Conselho recebido, Wanderlei vestiu a meia de novo e se arrancou de lá. Seu pai, em compensação, perdeu até a vontade de fumar o cachimbo por causa do odor de podridão.
— Machucado no pé? Machucado, que nada! Alguém tem que avisar ele que já necrosou!
Dando um tapa sonoro no balcão, ele chamou o moço do bar.
— O Irineu já apareceu por aí?
— Por que quer saber?
— Ele sempre vem pra cá comer aquelas coisas e queria saber se já apareceu hoje – explicou se referindo aos tira-gostos de tirar apetite.
— Eu não reparei se ele...
— É que eu tô com um negócio aqui no pé – disse interrompendo e exibindo o pé em cima do balcão.
— No fundo, no fundo!!
Wanderlei saiu em disparada até o fundo do bar, chegando lá encontrou o Irineu, que comia uma porção de azeitonas pretas que já estavam brancas de tão velhas.

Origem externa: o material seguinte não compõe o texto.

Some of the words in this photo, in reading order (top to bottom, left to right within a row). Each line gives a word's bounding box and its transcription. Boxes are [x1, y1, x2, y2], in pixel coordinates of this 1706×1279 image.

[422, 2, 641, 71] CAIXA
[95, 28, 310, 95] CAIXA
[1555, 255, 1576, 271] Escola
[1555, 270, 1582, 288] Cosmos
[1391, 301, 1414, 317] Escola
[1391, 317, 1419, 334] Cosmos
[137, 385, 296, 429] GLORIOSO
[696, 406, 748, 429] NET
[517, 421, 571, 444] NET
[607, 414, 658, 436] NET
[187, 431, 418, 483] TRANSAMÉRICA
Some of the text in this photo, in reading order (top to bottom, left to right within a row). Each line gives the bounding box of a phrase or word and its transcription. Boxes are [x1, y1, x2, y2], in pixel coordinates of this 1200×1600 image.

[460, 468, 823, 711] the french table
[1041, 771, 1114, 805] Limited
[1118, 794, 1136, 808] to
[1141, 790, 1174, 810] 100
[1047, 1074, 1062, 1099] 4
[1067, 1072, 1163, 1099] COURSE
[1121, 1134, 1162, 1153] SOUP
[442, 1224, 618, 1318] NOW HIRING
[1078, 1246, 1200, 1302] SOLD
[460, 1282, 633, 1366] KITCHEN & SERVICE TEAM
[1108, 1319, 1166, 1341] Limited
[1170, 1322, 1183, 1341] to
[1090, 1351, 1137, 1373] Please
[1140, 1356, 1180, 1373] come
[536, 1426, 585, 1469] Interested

— Seu Irineu, dá só uma olhada aqui! – pediu botando o pé cima do balcão.
— Mais pra perto... – disse mastigando.
— Dói bem aqui, quando eu piso – mostrou com o pé a um palmo de distância do nariz do Irineu.
— Humm... é isso aqui? – perguntou apontando. – É olho de peixe. Me passe o garfo, esse aí com azeitona na ponta, e mais uma faca que a gente tira agora – ordenou interessado.
— Espere, mas você não acha melhor...
— Vai doer no começo, coisa pouca – foi avisando enquanto cortava o mocotó do Wanderlei.
O Irineu foi rápido, em pouco tempo tinha solucionado o problema do olho de peixe, nem deu tempo da cerveja esquentar. O Wanderlei era só agradecimento vendo as pelancas do pé em cima do balcão. Como retribuição, deixou pago outra cerveja e mais uma porção de azeitonas brancas, ou melhor, pretas.
Antes de sair, agradeceu mais uma vez enquanto colocava a meia. Quanto ao cheiro, Irineu pareceu não sentir. Não dá pra dizer o mesmo dos outros clientes do bar, que abandonaram o local e até já pensavam em largar o vício da bebida. Sentindo uma flagrância no ar, Irineu finalmente se deu conta do cheiro e protestou em altos brandos:
— Queijo defumado? Por que não me avisaram que tem queijo defumado!